INSTRUCTIONS TO FOLLOW » Copy out the data in full and exactly, passing over the pictures.

**** DATA FOR THIS EXERCISE

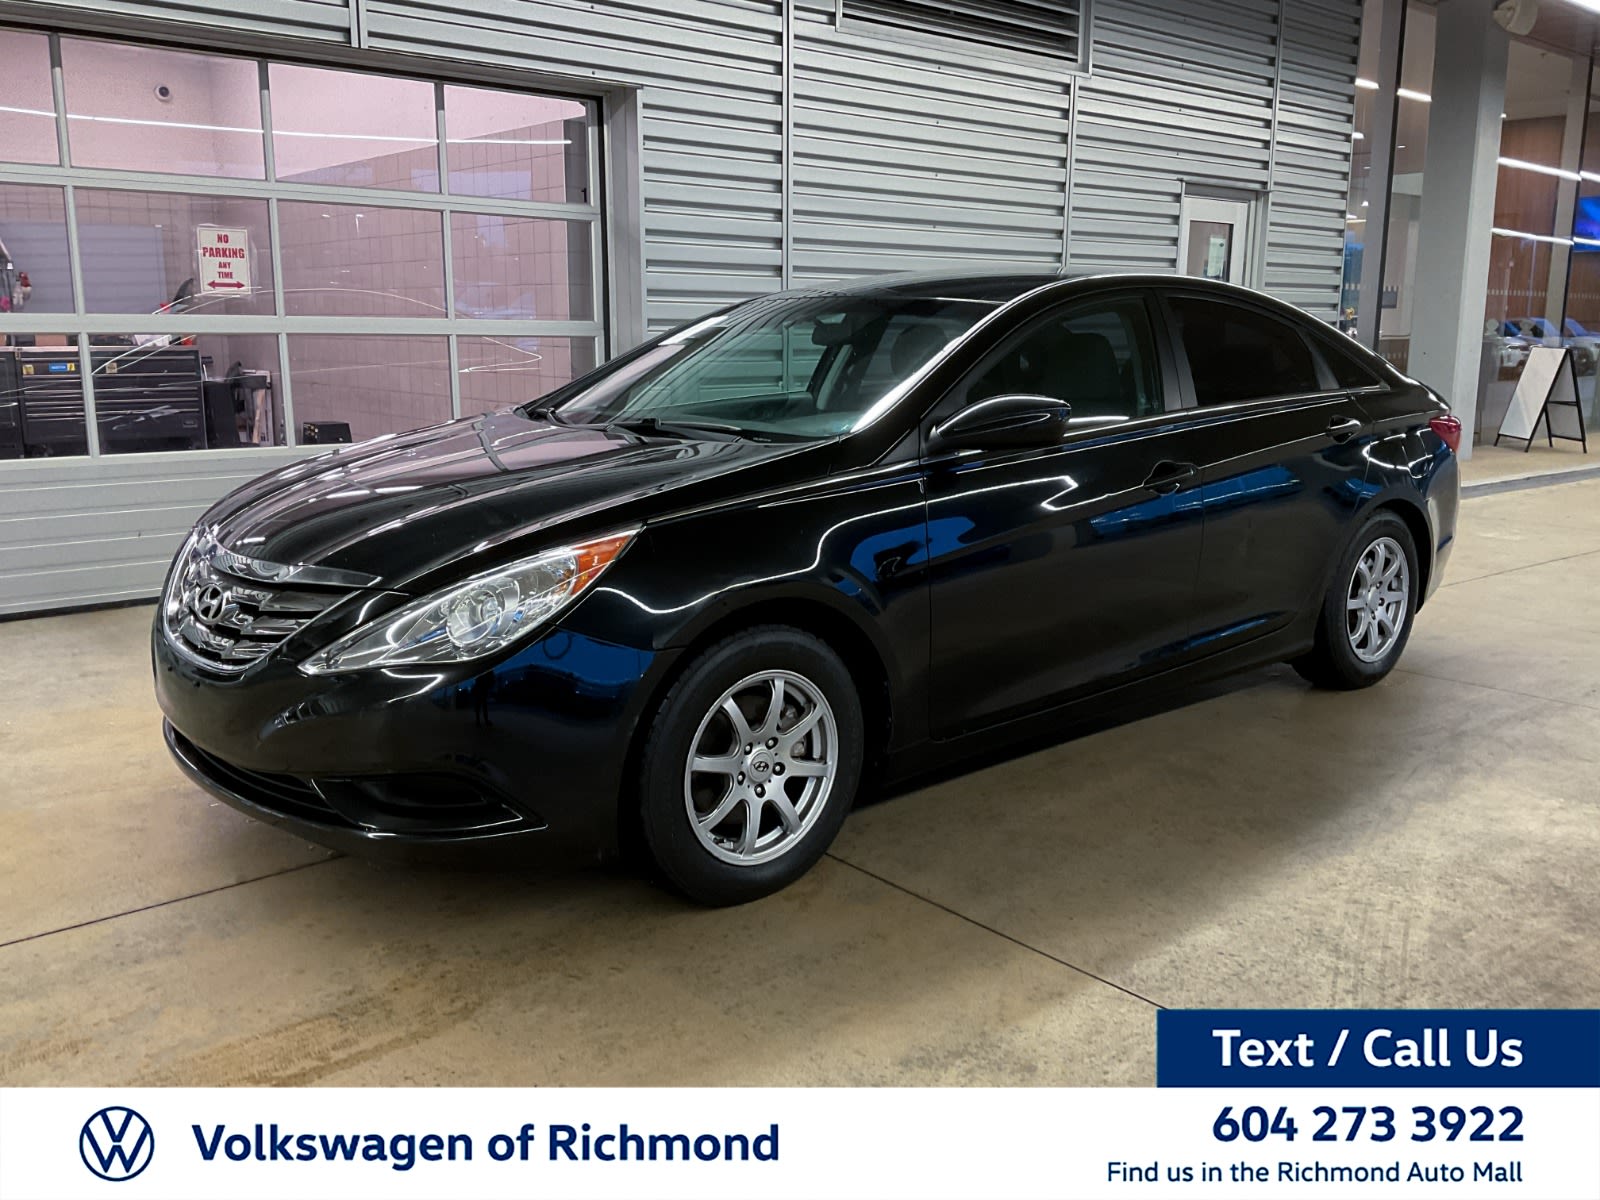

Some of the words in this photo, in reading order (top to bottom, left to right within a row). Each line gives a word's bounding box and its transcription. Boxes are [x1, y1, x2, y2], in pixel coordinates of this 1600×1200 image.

[217, 233, 229, 243] NO
[202, 246, 245, 259] PARKING
[218, 261, 231, 269] ANY
[217, 271, 233, 279] TIME
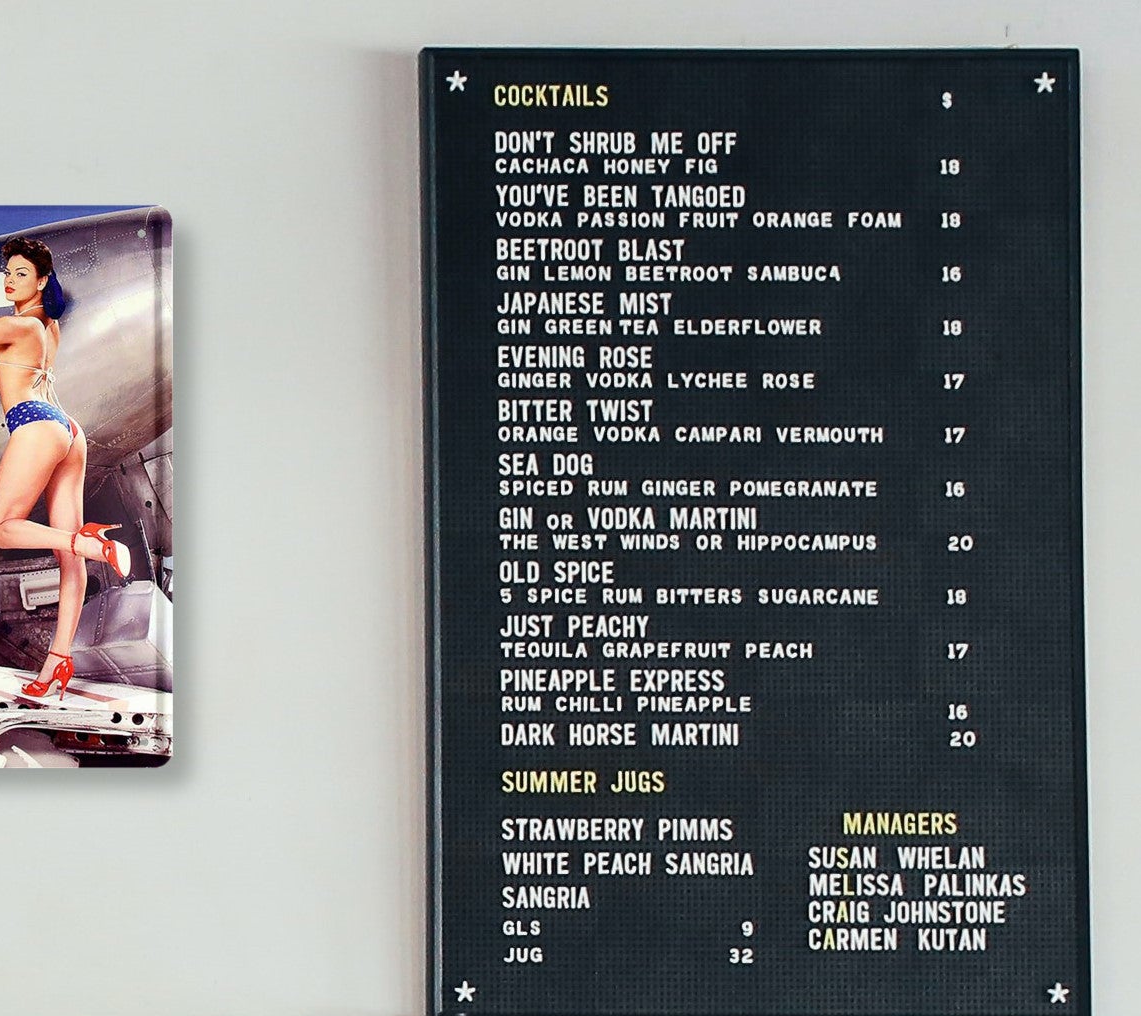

********

REPLY TO THE TASK »
Some of the words in this photo, in reading order (top to bottom, left to right within a row). Each line gives a word's bounding box and its transcription. Boxes are [x1, y1, x2, y2], in pixel coordinates of this 1600×1200 image.

[217, 233, 229, 243] NO
[202, 246, 245, 259] PARKING
[218, 261, 231, 269] ANY
[217, 271, 233, 279] TIME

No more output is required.